▶ [REQUIREMENT]
Could you return the data that follows exactly, minus the images?

▶ [SOURCE MATERIAL]
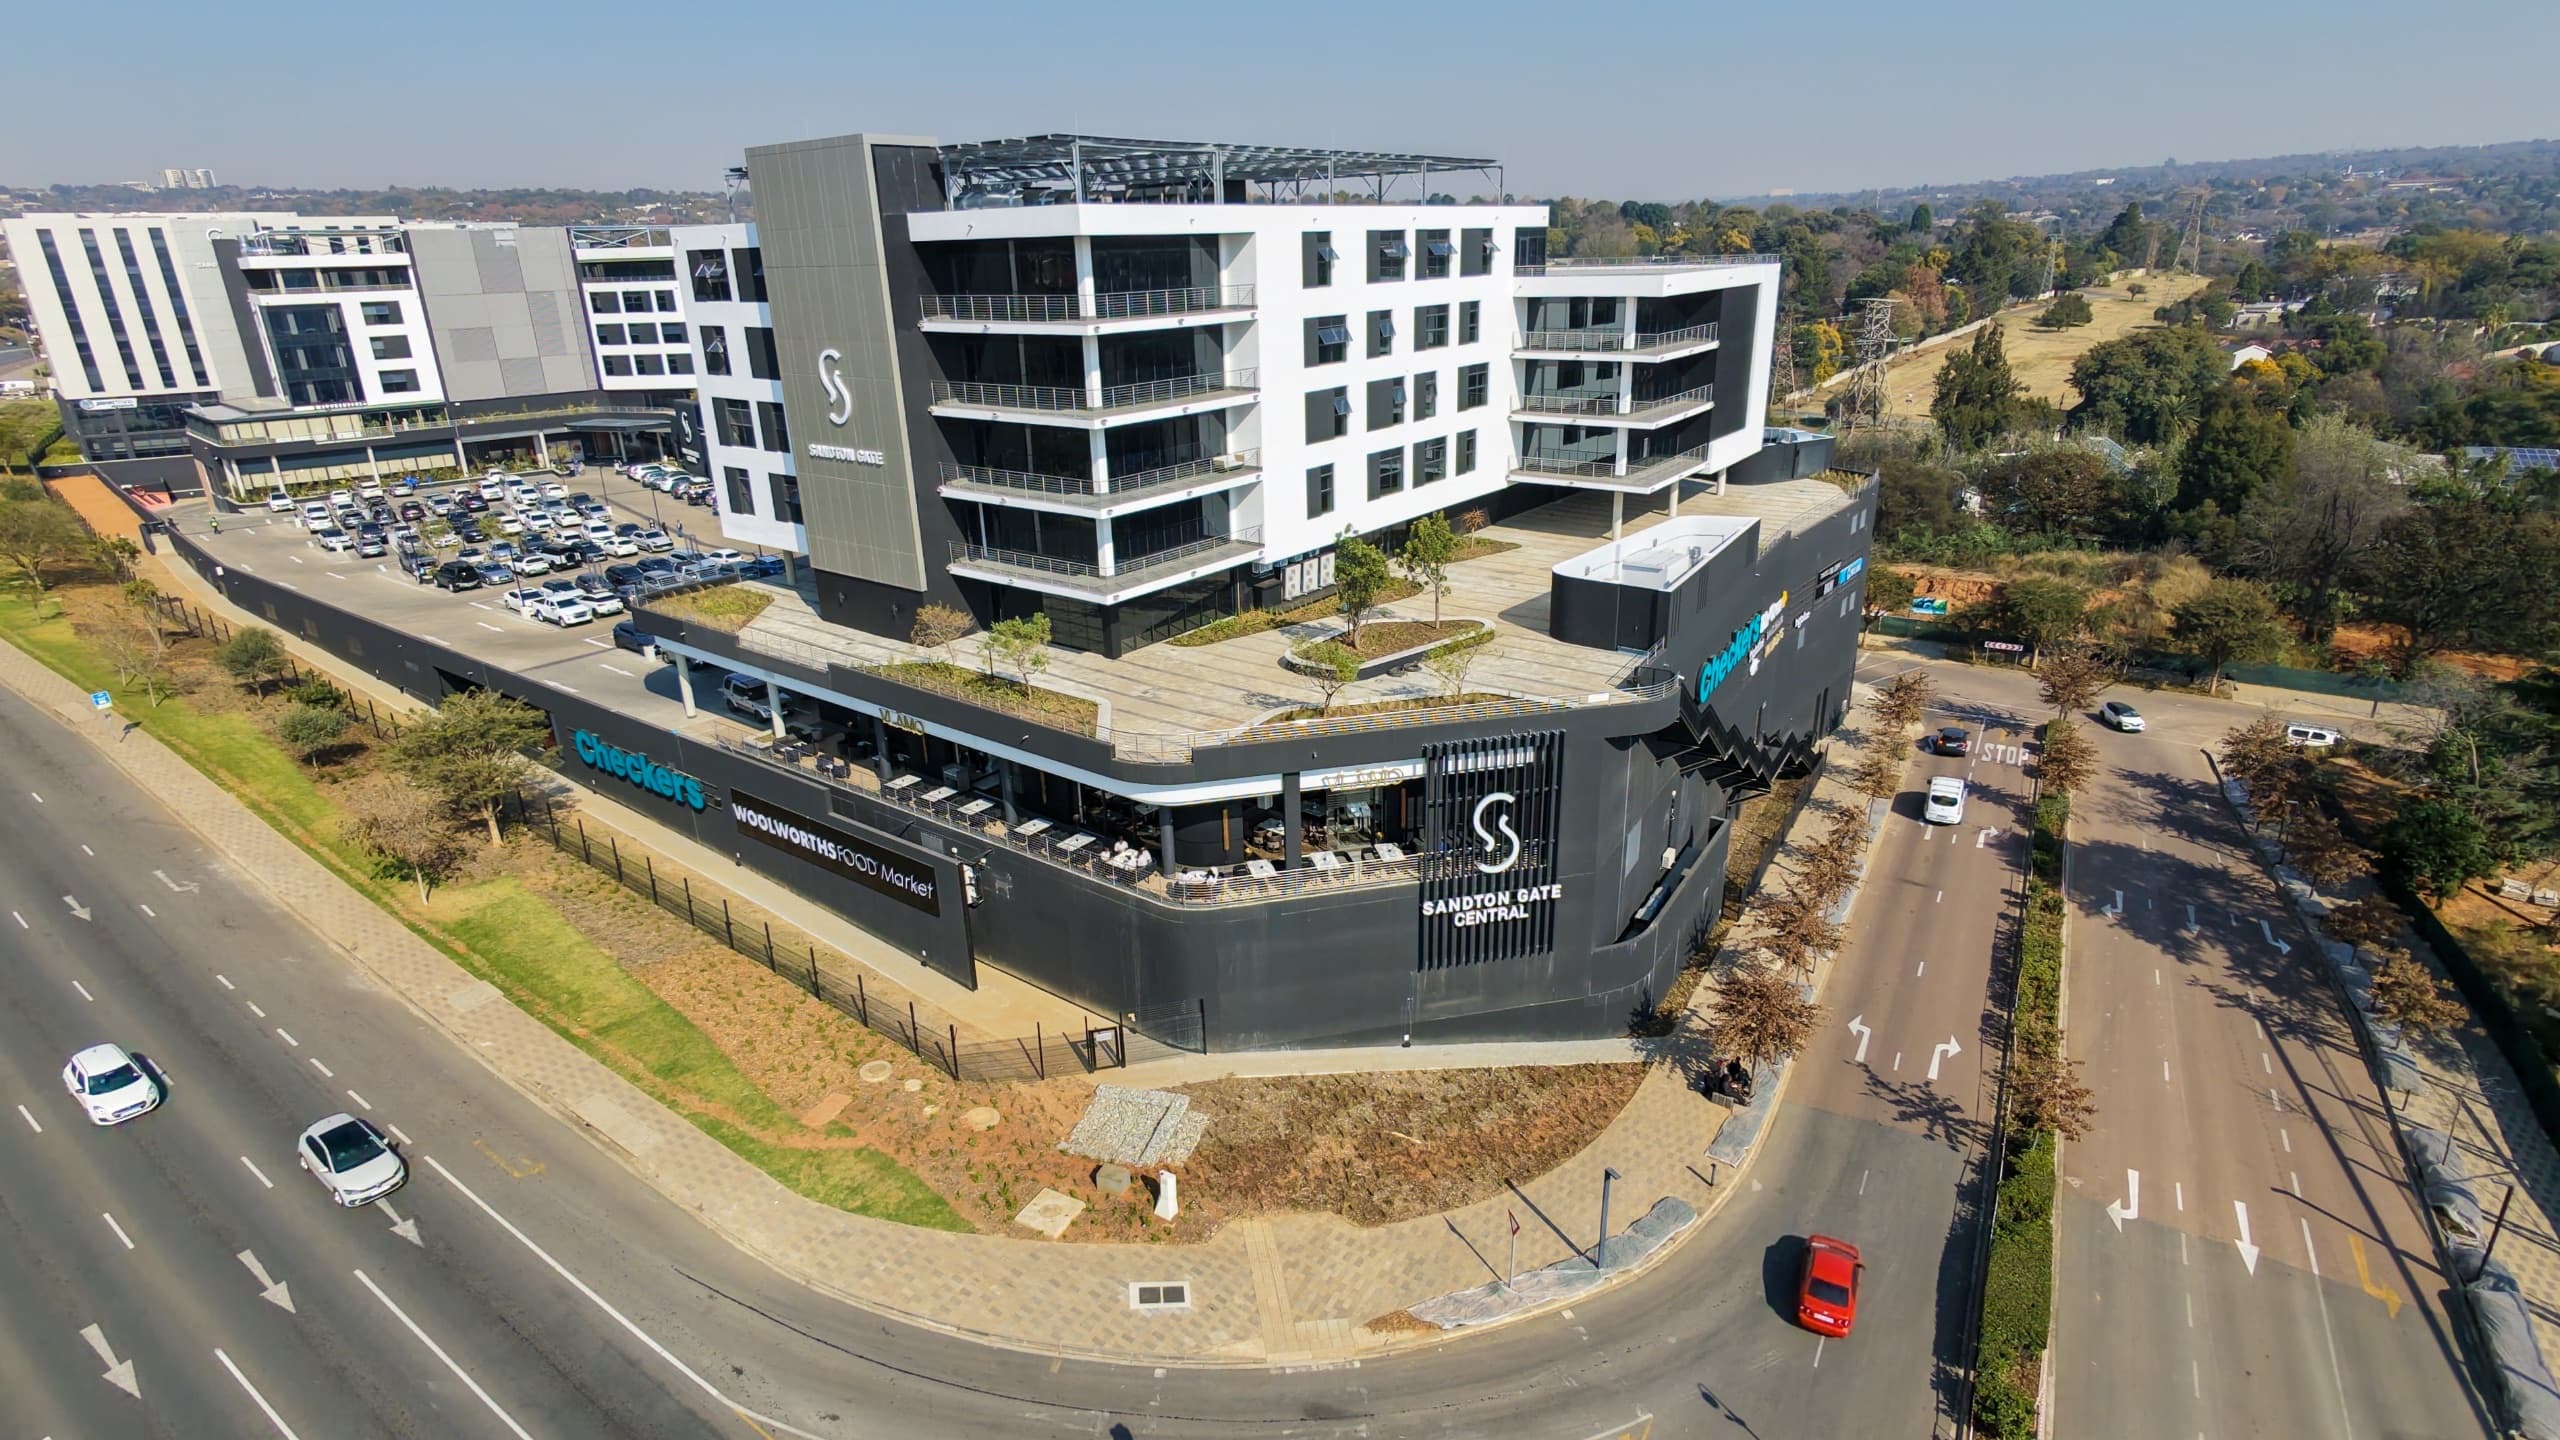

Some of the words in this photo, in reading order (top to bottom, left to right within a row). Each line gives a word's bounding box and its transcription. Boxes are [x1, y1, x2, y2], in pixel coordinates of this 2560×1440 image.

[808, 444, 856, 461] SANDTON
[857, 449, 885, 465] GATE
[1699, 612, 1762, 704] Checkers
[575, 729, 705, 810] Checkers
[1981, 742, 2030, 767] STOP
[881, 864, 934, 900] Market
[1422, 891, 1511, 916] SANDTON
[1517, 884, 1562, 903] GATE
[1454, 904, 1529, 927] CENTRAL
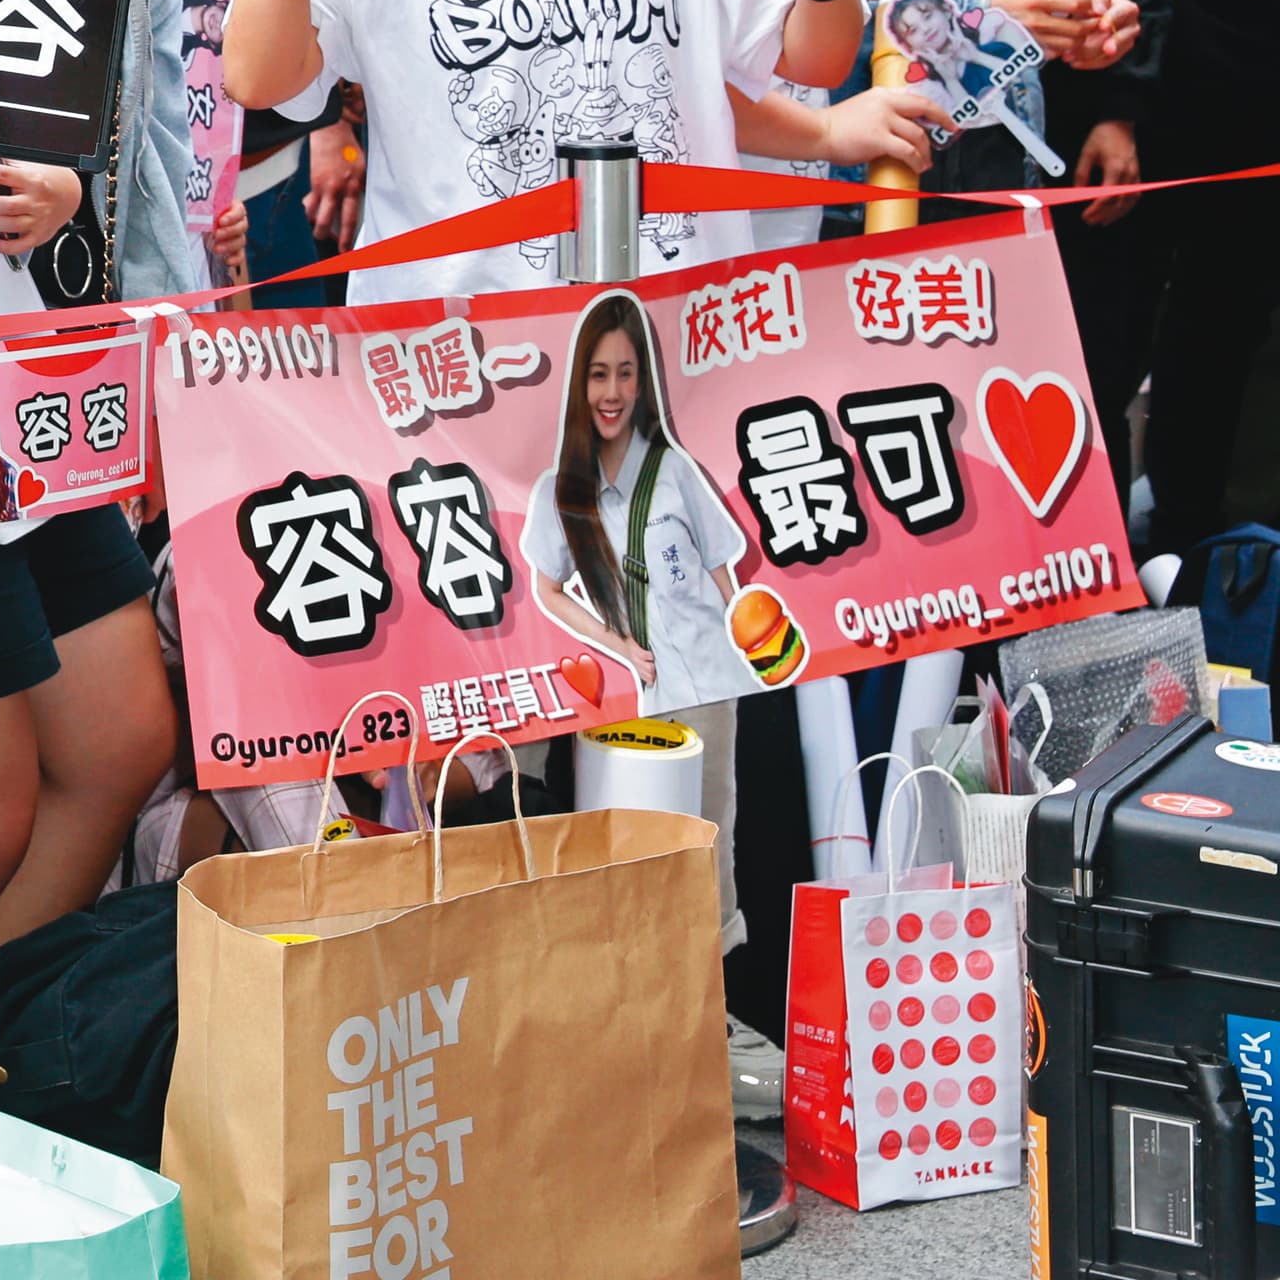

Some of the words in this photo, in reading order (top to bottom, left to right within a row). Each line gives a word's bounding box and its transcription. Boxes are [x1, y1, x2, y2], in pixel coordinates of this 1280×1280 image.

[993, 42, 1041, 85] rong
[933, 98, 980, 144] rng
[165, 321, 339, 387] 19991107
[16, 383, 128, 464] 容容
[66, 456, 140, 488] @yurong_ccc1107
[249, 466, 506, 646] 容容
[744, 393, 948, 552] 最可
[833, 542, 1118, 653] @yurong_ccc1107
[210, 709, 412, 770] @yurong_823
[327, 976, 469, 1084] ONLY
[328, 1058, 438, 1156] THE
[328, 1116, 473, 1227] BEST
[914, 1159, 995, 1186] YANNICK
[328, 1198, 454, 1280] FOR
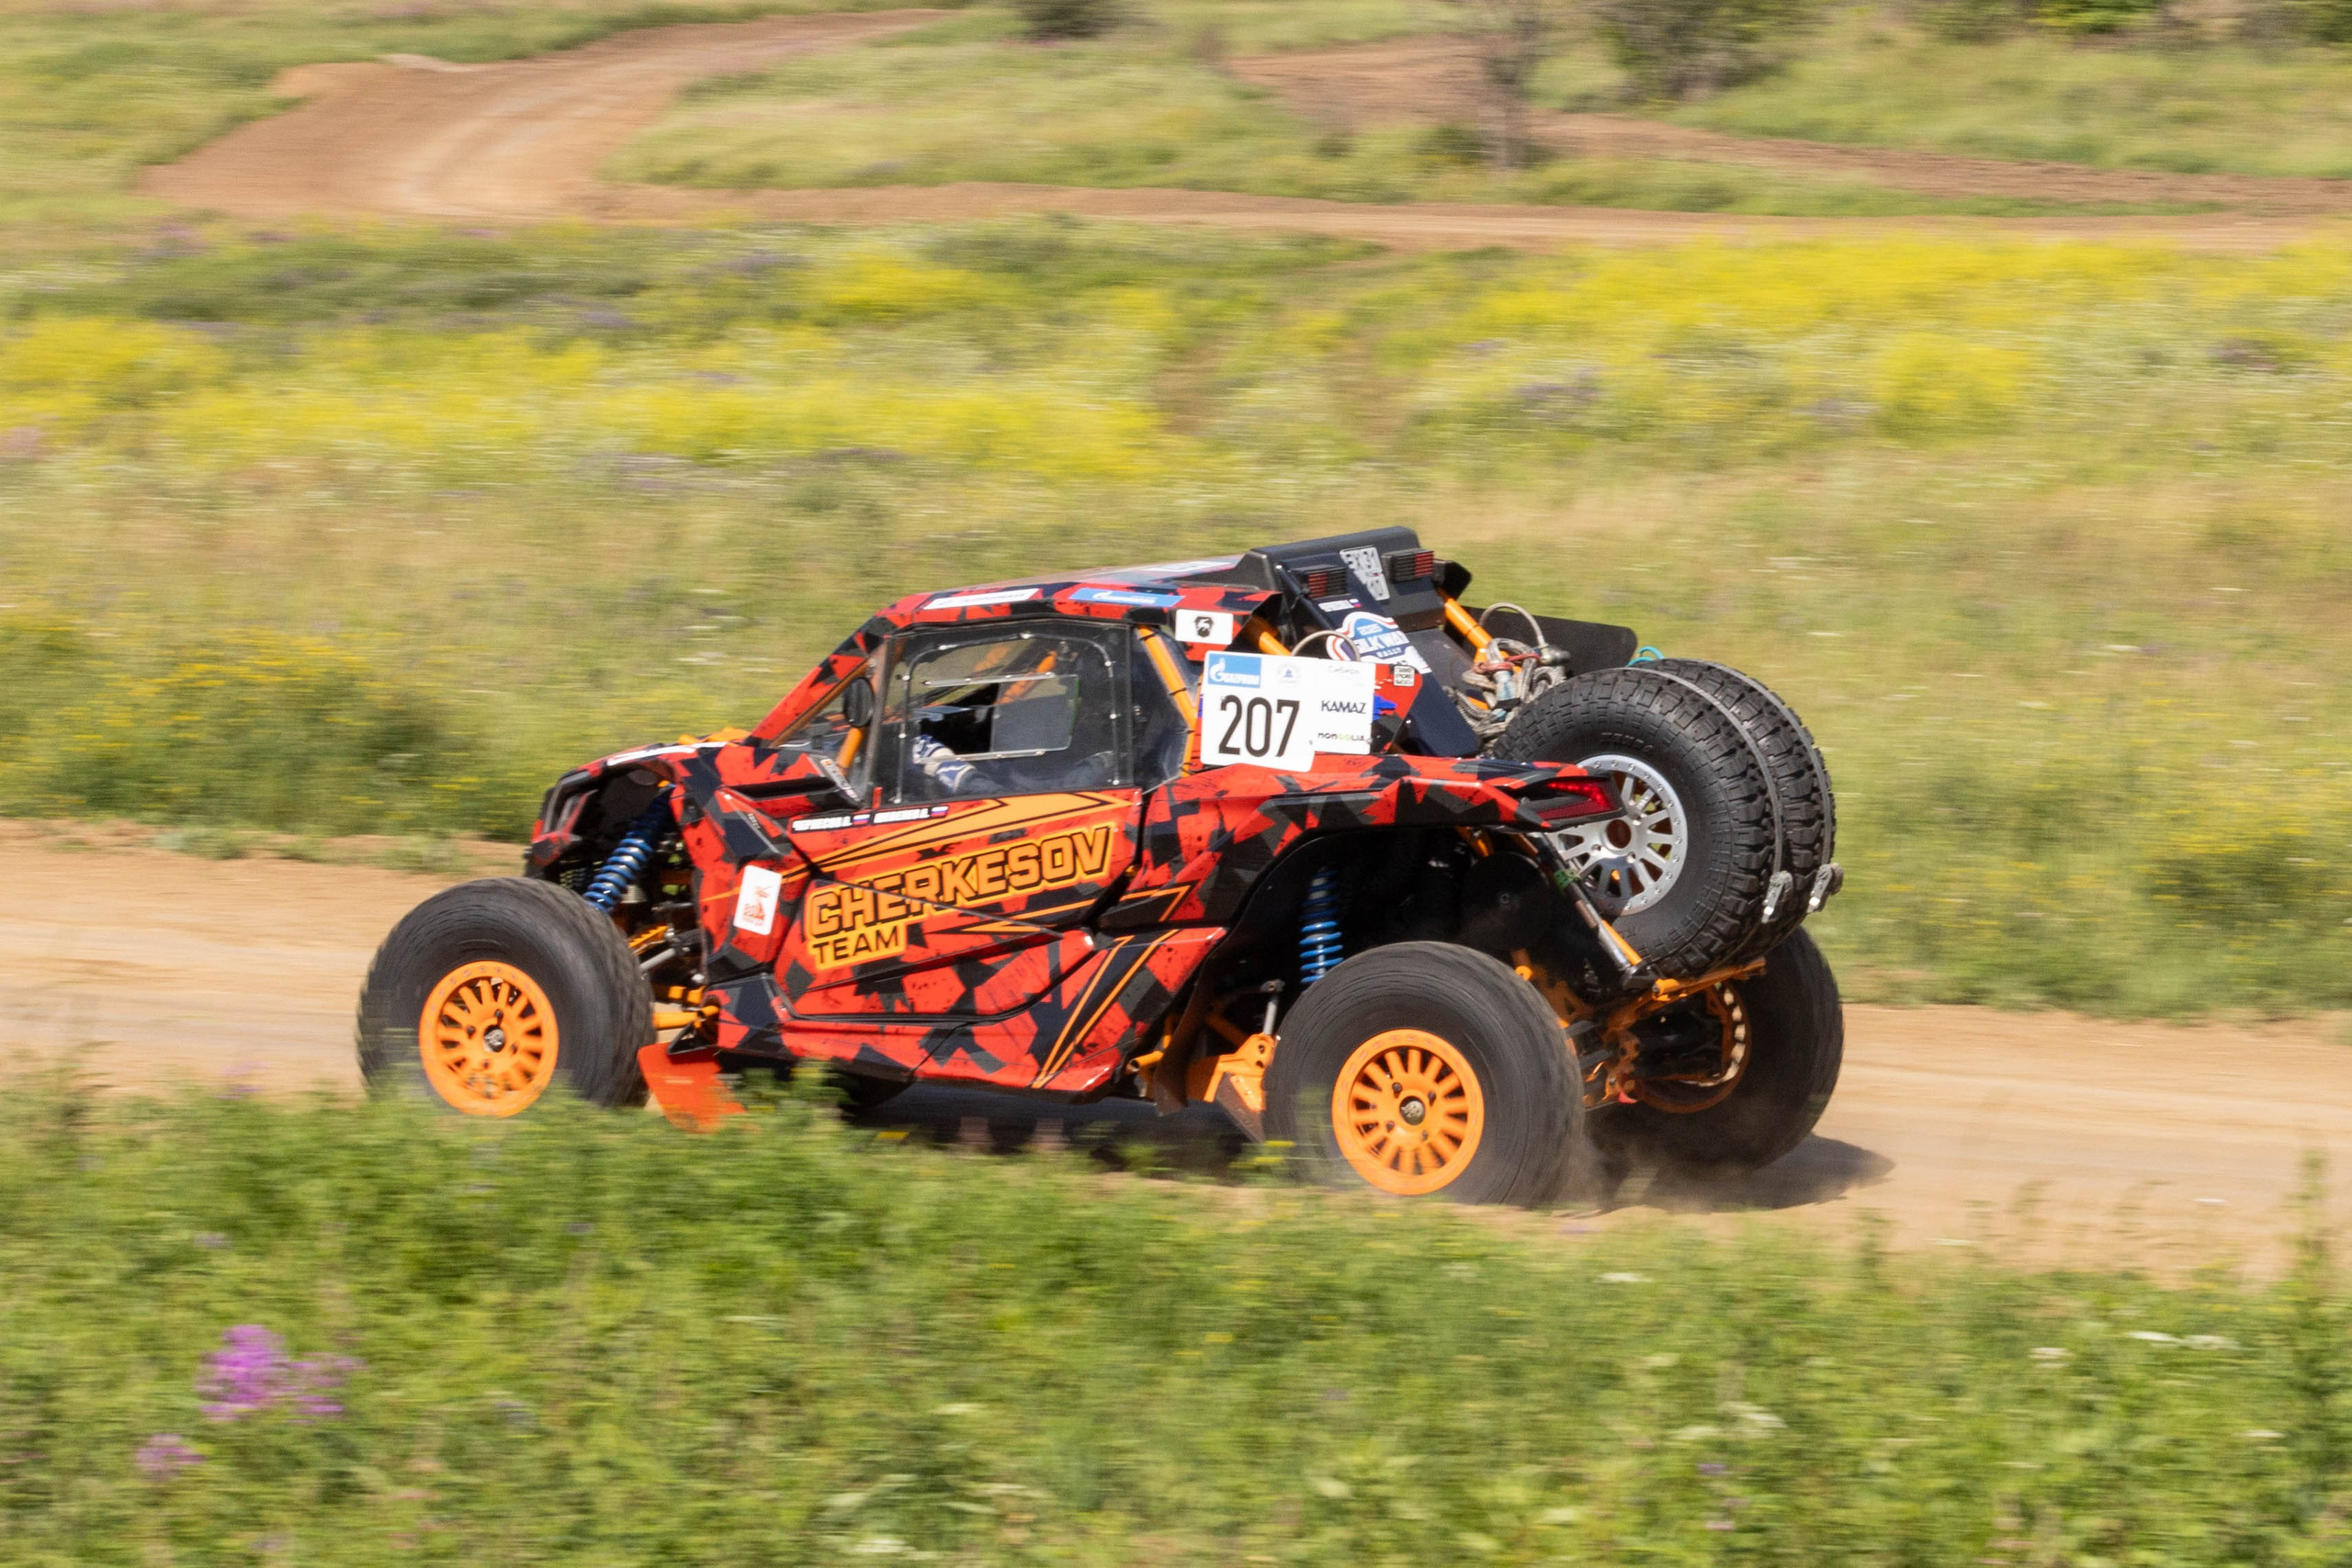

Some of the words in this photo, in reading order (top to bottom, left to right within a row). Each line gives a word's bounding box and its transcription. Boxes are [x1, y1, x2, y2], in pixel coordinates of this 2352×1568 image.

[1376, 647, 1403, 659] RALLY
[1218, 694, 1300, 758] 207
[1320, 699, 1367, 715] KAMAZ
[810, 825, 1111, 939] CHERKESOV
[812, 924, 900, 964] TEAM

▶ [ANSWER TO THIS PROBLEM]
Some of the words in this photo, in reading order (top to bottom, left to right within a row). Each line gives a word's bounding box and its transcription. Boxes are [x1, y1, x2, y2], in pixel coordinates of this 2560×1440 image.

[808, 444, 856, 461] SANDTON
[857, 449, 885, 465] GATE
[1699, 612, 1762, 704] Checkers
[575, 729, 705, 810] Checkers
[1981, 742, 2030, 767] STOP
[881, 864, 934, 900] Market
[1422, 891, 1511, 916] SANDTON
[1517, 884, 1562, 903] GATE
[1454, 904, 1529, 927] CENTRAL

Some of the words in this photo, in reading order (top to bottom, left to right within a row). Each line gives a word's bounding box and its transcription. Boxes are [x1, y1, x2, y2], in pixel coordinates of this 1280×1280 image.

[993, 42, 1041, 85] rong
[933, 98, 980, 144] rng
[165, 321, 339, 387] 19991107
[16, 383, 128, 464] 容容
[66, 456, 140, 488] @yurong_ccc1107
[249, 466, 506, 646] 容容
[744, 393, 948, 552] 最可
[833, 542, 1118, 653] @yurong_ccc1107
[210, 709, 412, 770] @yurong_823
[327, 976, 469, 1084] ONLY
[328, 1058, 438, 1156] THE
[328, 1116, 473, 1227] BEST
[914, 1159, 995, 1186] YANNICK
[328, 1198, 454, 1280] FOR

Some of the words in this photo, in reading order (top to bottom, left to right within a row). Each line gives a word's bounding box and its transcription. Boxes are [x1, y1, x2, y2], in pixel coordinates of this 2352×1568 image.

[1376, 647, 1403, 659] RALLY
[1218, 694, 1300, 758] 207
[1320, 699, 1367, 715] KAMAZ
[810, 825, 1111, 939] CHERKESOV
[812, 924, 900, 964] TEAM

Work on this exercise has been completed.